A devoted husband, a loving father of two, a compliance officer, a Boy Scout Troup leader, and an active member in the Christ Lutheran Church, where he served as president of the church council, are some of the words that can be used to describe Dennis Rader. While the aforementioned description might make someone unfamiliar with Rader think he sounds like a decent person, he was anything but. The infamous moniker, BTK (Bind, Torture, Kill), is what made up the true essence of the man, a part of himself that he masterfully hid from his family, friends, co-workers, the public, and the members of Wichita, Kansas law enforcement for more than three decades.
When Rader was finally arrested in February of 2005, he was charged with ten counts of murder. His first known murders occurred on January 15, 1974, when he killed four members of the Otero family: husband and wife Joseph and Julie, and Josephine, and Joseph Jr., two of their five children. The last confirmed BTK victim was Dolores Davis, who was killed on January 19, 1991. After Rader was convicted, he was sentenced to life imprisonment, without the possibility of parole, at the El Dorado Correctional Facility in Butler County, Kansas. If Rader had committed any of his crimes after 1994, when Kansas reinstated the death penalty, he would assuredly be on death row now, until his appeals were exhausted, or have already been executed. (As an aside: The DNA of Rader’s daughter Kerri Rawson, is what led to his capture. While she was a student at Kansas State University, Kerri had a procedure done at the health clinic. The FBI was able to match her DNA, with DNA that was taken and preserved from the Otero crime scene).
Katherine Ramsland, a professor of forensic psychology at De Sales University, and the author of sixty books, and numerous articles, spent considerable time interviewing Rader. He is segregated from the other prisoners, but has a phone in his cell, which made it easier for the two of them to talk. Ramsland was fascinated with Rader from a psychological standpoint, because unlike most of his depraved ilk, Rader was the ultimate outlier. Throughout their talks, Ramsland attempts to get Rader to reveal not only how he was able to compartmentalize the two lives he led, but to explain what led him to such heinous behavior.

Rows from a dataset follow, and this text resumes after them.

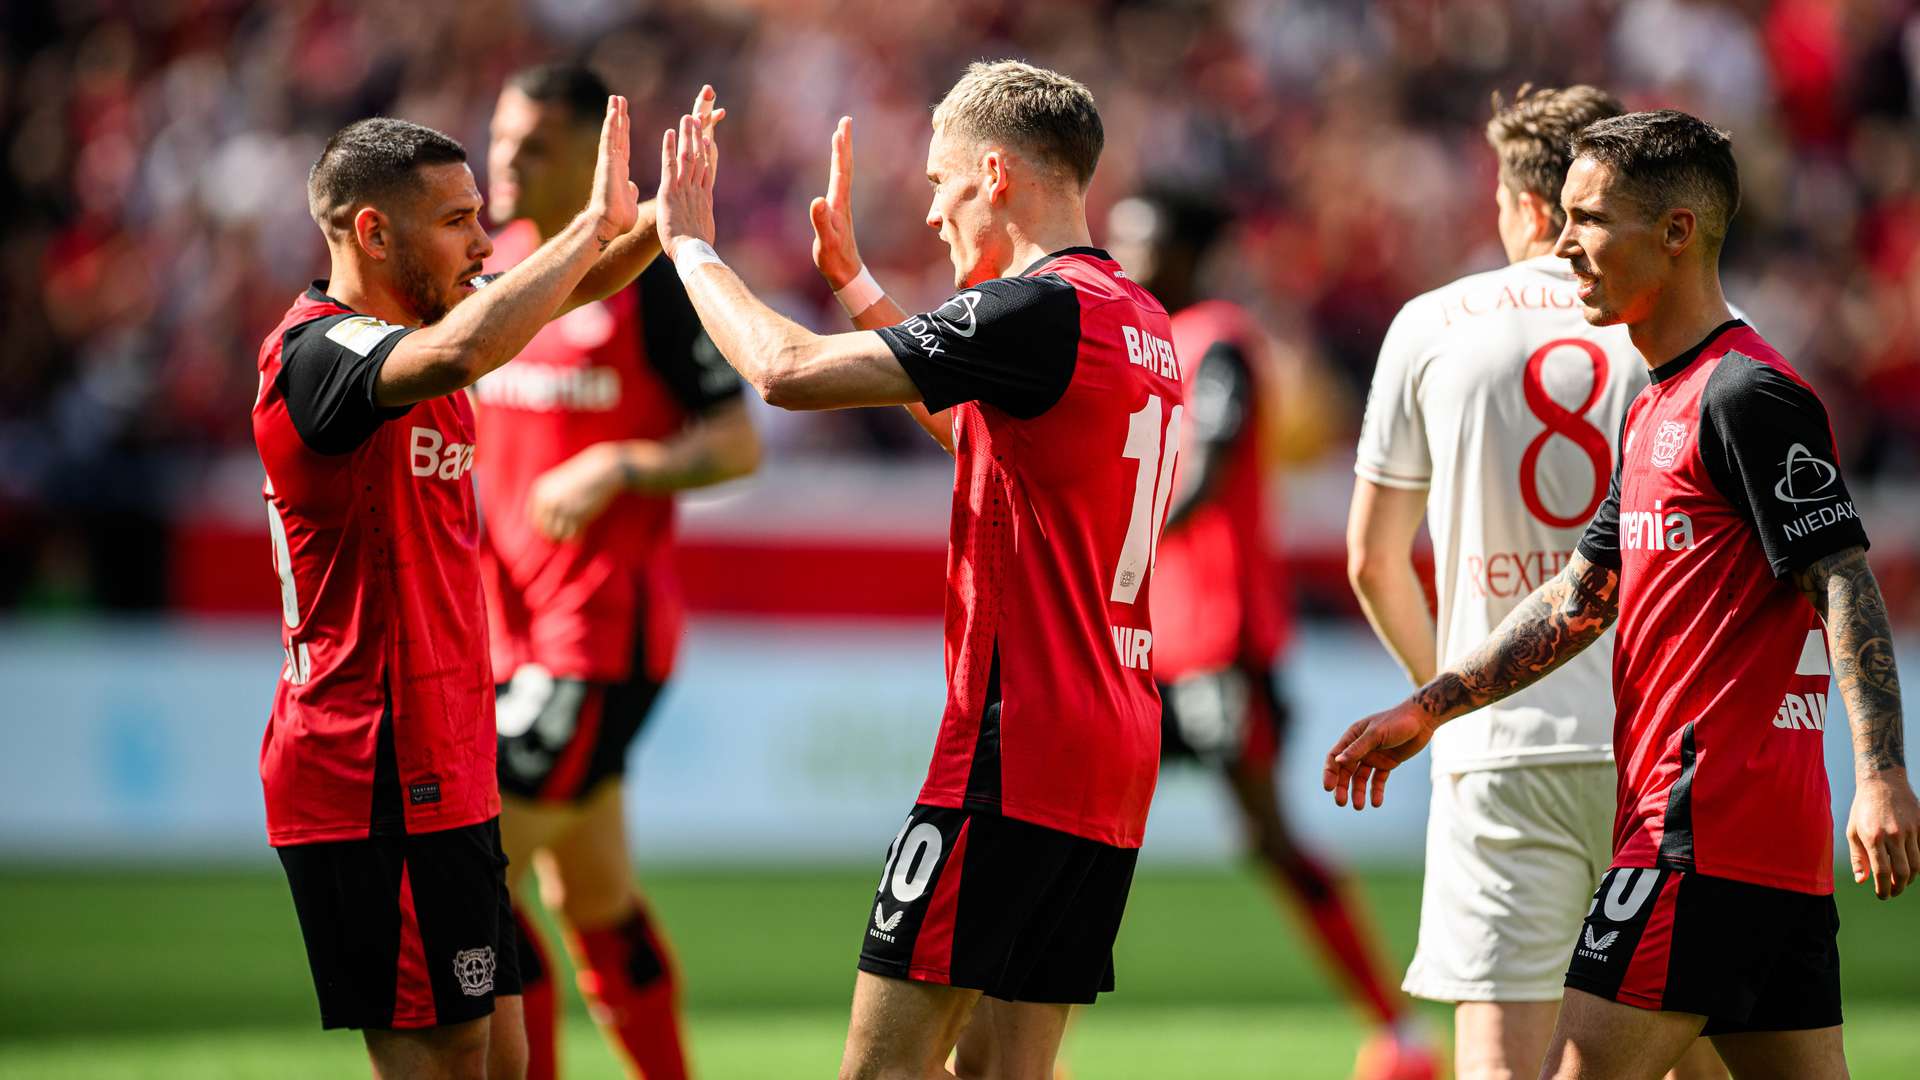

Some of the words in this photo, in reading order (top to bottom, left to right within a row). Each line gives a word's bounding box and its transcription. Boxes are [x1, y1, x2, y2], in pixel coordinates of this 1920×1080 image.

[1496, 285, 1584, 310] AUG
[1122, 325, 1179, 381] BAYER
[1520, 338, 1613, 529] 8
[1782, 500, 1859, 541] NIEDAX
[1467, 550, 1574, 600] REXH
[869, 928, 896, 944] CASTORE
[1578, 949, 1609, 963] CASTORE
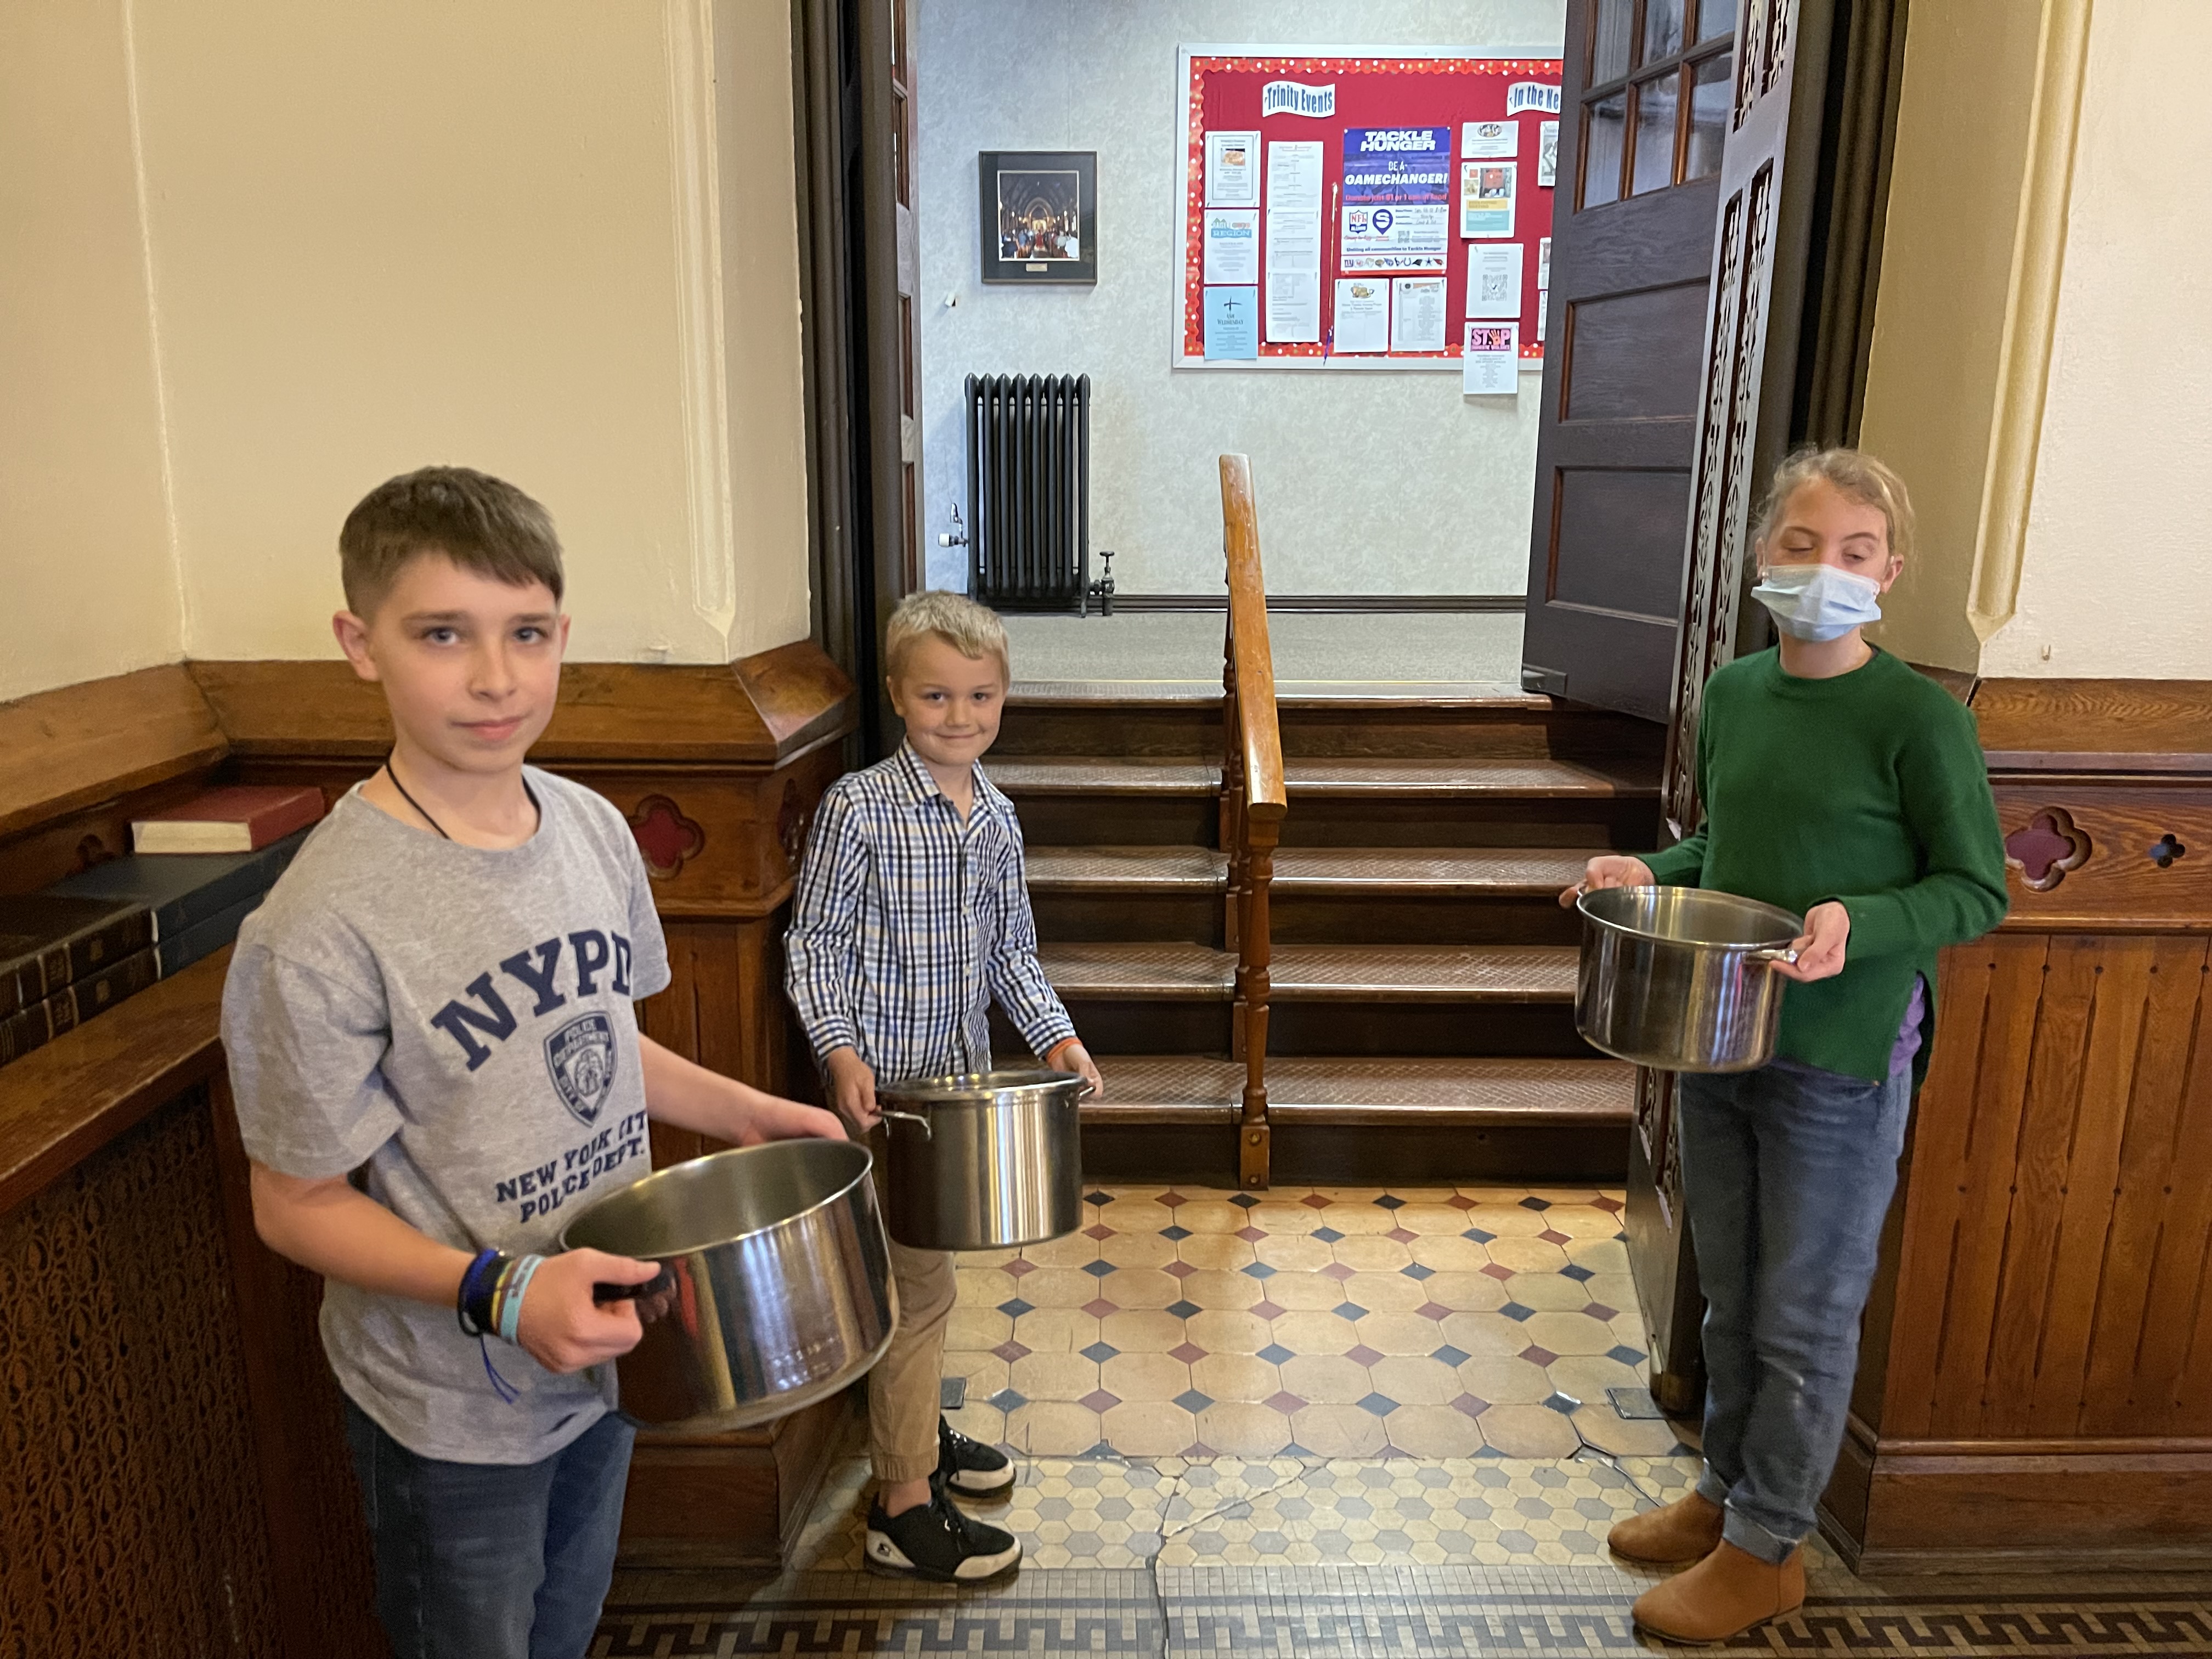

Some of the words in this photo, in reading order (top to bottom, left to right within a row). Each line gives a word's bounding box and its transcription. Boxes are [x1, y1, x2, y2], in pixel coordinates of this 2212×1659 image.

Rader explained to Ramsland, that one of the ways he was able to live two separate lives was by using a process he calls ‘cubing.’ In brief, any of the roles, for example: that of a compliance officer or husband, that Rader needed to be at any given moment, he would shift all of his thoughts to concentrating on just what the person he was interacting with needed from him. When he did this, Rader was able to keep thoughts about his past crimes, or ideas of what he might like to do to someone in the future, out of his mind, so as not to interfere with normal, everyday life. One of the interesting aspects of the series were drawings that Rader made when he was an adolescent. Even then, he had devised, styled after serial killer, H.H. Holmes, his own murder house, although, because he grew up around farms, his various rooms of torture where contained within a barn silo. The drawings had never before been shown to the public.
BTK: Confession of a Serial Killer premiered on A&E (Arts and Entertainment), on January 8, 2022. The documentary was directed by Cynthia Childs (Invisible Monsters: Serial Killers in America). Throughout the four episodes archival footage is used. There are interviews with those in law enforcement that were determined to capture BTK and bring him to justice; also speaking throughout are friends and family members of Rader’s victims.
Recommended to viewers who have an interest in true crime, I would also say that it is worth the time of viewers who are interested in psychology. Rader, as vile as his actions were, makes for quite the subject to be studied, in an attempt to gain insight into how people like him think, feel, or, for that matter, don’t feel. The series also states that while most serial killers have certain characteristics in their background, many of which stem from childhood trauma, not all of them do. Rader is the perfect example of that. The documentary also leaves viewers with a haunting question based on a dream that Rader shared with Ramsland. Was what he imparted to her merely a dream, or is there something more sinister Rader wants the world to know?